Saved data entries:
........
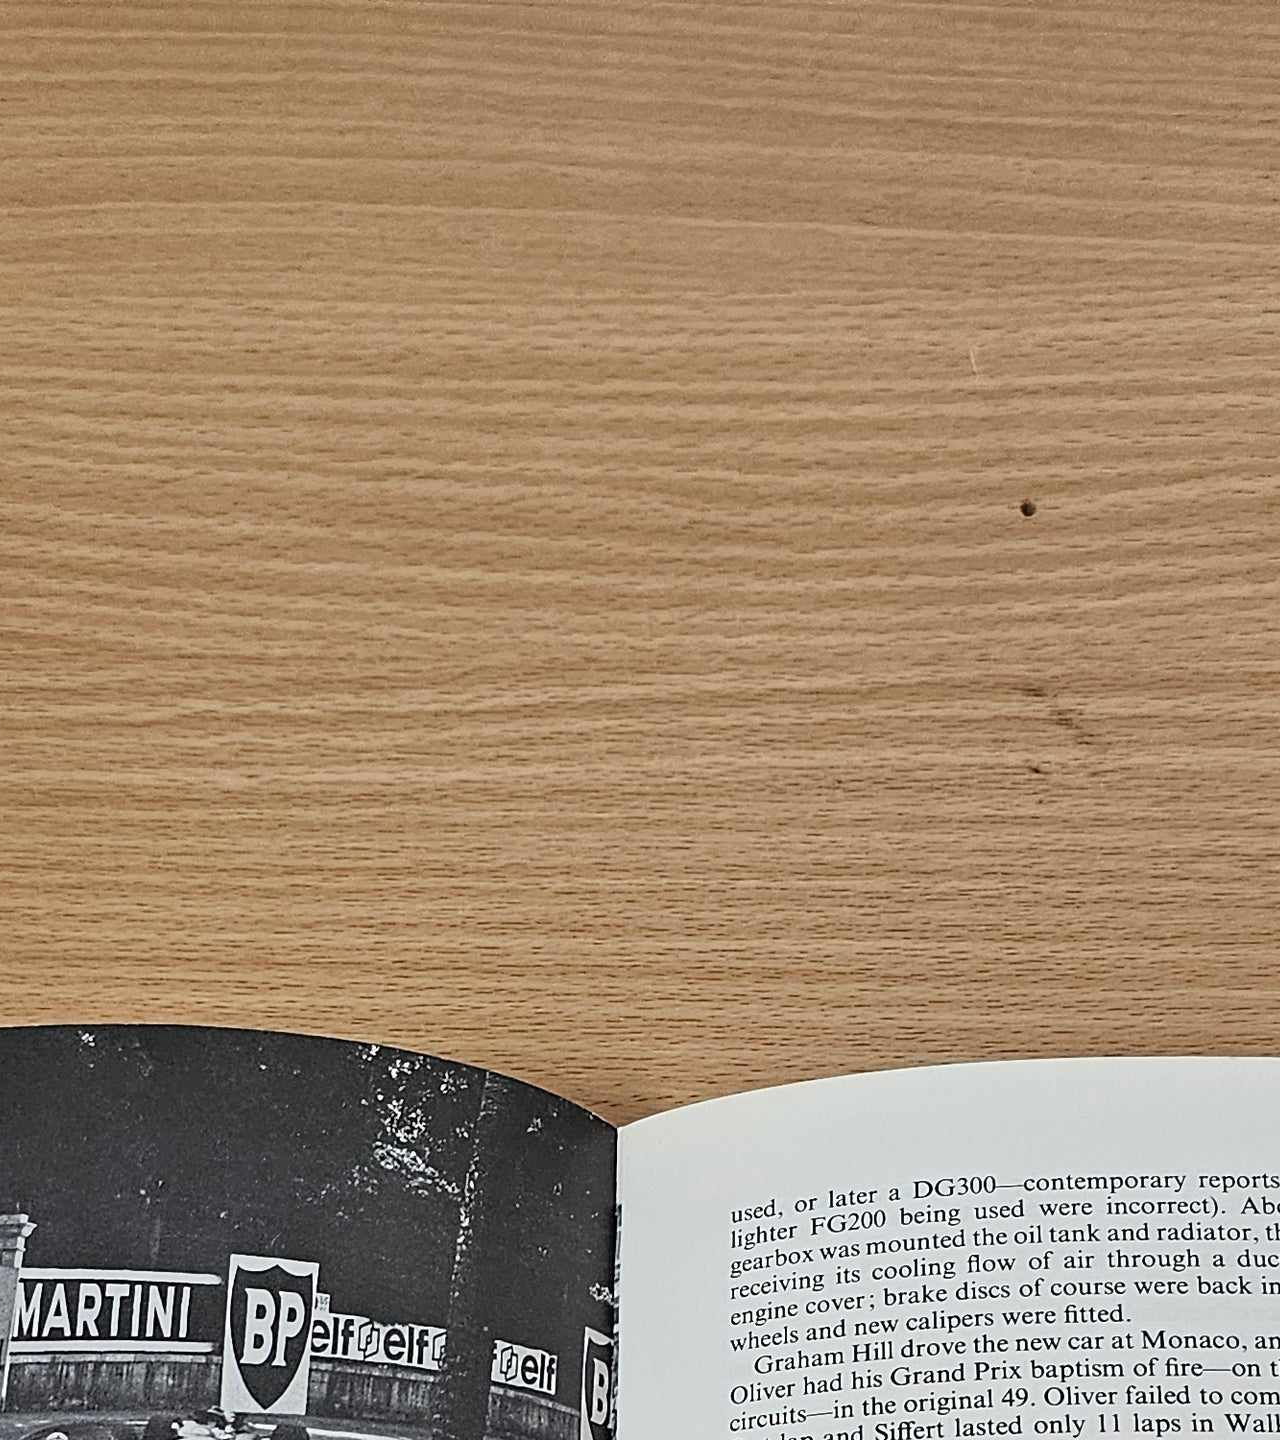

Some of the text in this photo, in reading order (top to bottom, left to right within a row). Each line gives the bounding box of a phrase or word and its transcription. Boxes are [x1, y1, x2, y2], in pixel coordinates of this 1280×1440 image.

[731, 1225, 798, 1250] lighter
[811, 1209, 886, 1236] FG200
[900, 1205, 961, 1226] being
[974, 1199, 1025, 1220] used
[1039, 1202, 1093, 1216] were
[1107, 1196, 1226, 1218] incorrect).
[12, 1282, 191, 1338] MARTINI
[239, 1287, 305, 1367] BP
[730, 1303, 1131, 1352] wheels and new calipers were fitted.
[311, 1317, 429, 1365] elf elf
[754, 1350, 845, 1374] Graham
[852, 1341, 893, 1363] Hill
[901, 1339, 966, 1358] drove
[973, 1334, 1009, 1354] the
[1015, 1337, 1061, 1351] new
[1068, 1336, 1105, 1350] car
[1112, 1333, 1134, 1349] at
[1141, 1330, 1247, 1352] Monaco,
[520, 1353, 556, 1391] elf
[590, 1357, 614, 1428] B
........
Instructions for the task:
The expected output is the full data above, reproduced exactly with no images.

Finished exercise:
Some of the text in this photo, in reading order (top to bottom, left to right within a row). Each line gives the bounding box of a phrase or word and its transcription. Boxes are [x1, y1, x2, y2], in pixel coordinates of this 1280×1440 image.

[731, 1225, 798, 1250] lighter
[811, 1209, 886, 1236] FG200
[900, 1205, 961, 1226] being
[974, 1199, 1025, 1220] used
[1039, 1202, 1093, 1216] were
[1107, 1196, 1226, 1218] incorrect).
[12, 1282, 191, 1338] MARTINI
[239, 1287, 305, 1367] BP
[730, 1303, 1131, 1352] wheels and new calipers were fitted.
[311, 1317, 429, 1365] elf elf
[754, 1350, 845, 1374] Graham
[852, 1341, 893, 1363] Hill
[901, 1339, 966, 1358] drove
[973, 1334, 1009, 1354] the
[1015, 1337, 1061, 1351] new
[1068, 1336, 1105, 1350] car
[1112, 1333, 1134, 1349] at
[1141, 1330, 1247, 1352] Monaco,
[520, 1353, 556, 1391] elf
[590, 1357, 614, 1428] B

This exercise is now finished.